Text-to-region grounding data
################
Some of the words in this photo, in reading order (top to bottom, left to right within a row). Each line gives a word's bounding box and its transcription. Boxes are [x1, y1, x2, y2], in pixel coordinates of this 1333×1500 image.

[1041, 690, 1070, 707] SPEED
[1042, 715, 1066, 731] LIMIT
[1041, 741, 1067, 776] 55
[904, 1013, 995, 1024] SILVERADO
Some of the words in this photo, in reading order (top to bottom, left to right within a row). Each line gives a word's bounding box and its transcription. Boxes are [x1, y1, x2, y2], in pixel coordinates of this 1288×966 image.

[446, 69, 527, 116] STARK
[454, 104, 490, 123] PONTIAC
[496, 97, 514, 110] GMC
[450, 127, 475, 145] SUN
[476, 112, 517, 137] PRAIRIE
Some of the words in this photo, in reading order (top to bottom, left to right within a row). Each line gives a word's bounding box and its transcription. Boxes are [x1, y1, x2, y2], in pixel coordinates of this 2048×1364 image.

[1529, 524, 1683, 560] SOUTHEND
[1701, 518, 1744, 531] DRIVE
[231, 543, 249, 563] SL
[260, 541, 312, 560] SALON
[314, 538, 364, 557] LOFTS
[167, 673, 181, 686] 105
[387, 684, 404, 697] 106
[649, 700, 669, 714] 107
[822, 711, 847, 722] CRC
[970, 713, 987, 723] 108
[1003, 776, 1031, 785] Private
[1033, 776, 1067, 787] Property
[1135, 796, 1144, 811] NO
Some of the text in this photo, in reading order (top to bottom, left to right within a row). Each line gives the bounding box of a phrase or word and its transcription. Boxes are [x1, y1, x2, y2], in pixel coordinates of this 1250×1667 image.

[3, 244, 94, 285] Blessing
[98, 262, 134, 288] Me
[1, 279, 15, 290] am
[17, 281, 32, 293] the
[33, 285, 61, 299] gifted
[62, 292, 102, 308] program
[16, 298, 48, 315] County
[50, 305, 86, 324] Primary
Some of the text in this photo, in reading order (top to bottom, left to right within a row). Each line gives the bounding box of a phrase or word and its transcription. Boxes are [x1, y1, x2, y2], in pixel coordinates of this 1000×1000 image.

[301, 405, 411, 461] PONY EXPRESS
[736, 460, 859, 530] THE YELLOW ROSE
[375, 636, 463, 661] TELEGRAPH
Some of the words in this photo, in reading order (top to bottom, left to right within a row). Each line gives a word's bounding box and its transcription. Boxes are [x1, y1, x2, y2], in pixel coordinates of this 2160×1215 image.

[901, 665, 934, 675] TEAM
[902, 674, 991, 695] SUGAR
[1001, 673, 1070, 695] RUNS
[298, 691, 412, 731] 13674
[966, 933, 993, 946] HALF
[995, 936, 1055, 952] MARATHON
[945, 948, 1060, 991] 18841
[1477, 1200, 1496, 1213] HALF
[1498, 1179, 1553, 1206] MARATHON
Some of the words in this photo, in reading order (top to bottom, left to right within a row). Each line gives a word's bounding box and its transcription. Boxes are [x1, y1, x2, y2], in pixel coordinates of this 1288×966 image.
################
- [EXERCISE REQUIREMENTS] Please quote the data above in full, with no line missing.

- [PROBLEM SOLUTION]
Some of the words in this photo, in reading order (top to bottom, left to right within a row). Each line gives a word's bounding box and its transcription. Boxes are [x1, y1, x2, y2], in pixel coordinates of this 1333×1500 image.

[1041, 690, 1070, 707] SPEED
[1042, 715, 1066, 731] LIMIT
[1041, 741, 1067, 776] 55
[904, 1013, 995, 1024] SILVERADO
Some of the words in this photo, in reading order (top to bottom, left to right within a row). Each line gives a word's bounding box and its transcription. Boxes are [x1, y1, x2, y2], in pixel coordinates of this 1288×966 image.

[446, 69, 527, 116] STARK
[454, 104, 490, 123] PONTIAC
[496, 97, 514, 110] GMC
[450, 127, 475, 145] SUN
[476, 112, 517, 137] PRAIRIE
Some of the words in this photo, in reading order (top to bottom, left to right within a row). Each line gives a word's bounding box and its transcription. Boxes are [x1, y1, x2, y2], in pixel coordinates of this 2048×1364 image.

[1529, 524, 1683, 560] SOUTHEND
[1701, 518, 1744, 531] DRIVE
[231, 543, 249, 563] SL
[260, 541, 312, 560] SALON
[314, 538, 364, 557] LOFTS
[167, 673, 181, 686] 105
[387, 684, 404, 697] 106
[649, 700, 669, 714] 107
[822, 711, 847, 722] CRC
[970, 713, 987, 723] 108
[1003, 776, 1031, 785] Private
[1033, 776, 1067, 787] Property
[1135, 796, 1144, 811] NO
Some of the text in this photo, in reading order (top to bottom, left to right within a row). Each line gives the bounding box of a phrase or word and its transcription. Boxes are [x1, y1, x2, y2], in pixel coordinates of this 1250×1667 image.

[3, 244, 94, 285] Blessing
[98, 262, 134, 288] Me
[1, 279, 15, 290] am
[17, 281, 32, 293] the
[33, 285, 61, 299] gifted
[62, 292, 102, 308] program
[16, 298, 48, 315] County
[50, 305, 86, 324] Primary
Some of the text in this photo, in reading order (top to bottom, left to right within a row). Each line gives the bounding box of a phrase or word and its transcription. Boxes are [x1, y1, x2, y2], in pixel coordinates of this 1000×1000 image.

[301, 405, 411, 461] PONY EXPRESS
[736, 460, 859, 530] THE YELLOW ROSE
[375, 636, 463, 661] TELEGRAPH
Some of the words in this photo, in reading order (top to bottom, left to right within a row). Each line gives a word's bounding box and its transcription. Boxes are [x1, y1, x2, y2], in pixel coordinates of this 2160×1215 image.

[901, 665, 934, 675] TEAM
[902, 674, 991, 695] SUGAR
[1001, 673, 1070, 695] RUNS
[298, 691, 412, 731] 13674
[966, 933, 993, 946] HALF
[995, 936, 1055, 952] MARATHON
[945, 948, 1060, 991] 18841
[1477, 1200, 1496, 1213] HALF
[1498, 1179, 1553, 1206] MARATHON
Some of the words in this photo, in reading order (top to bottom, left to right within a row). Each line gives a word's bounding box and its transcription. Boxes are [x1, y1, x2, y2], in pixel coordinates of this 1288×966 image.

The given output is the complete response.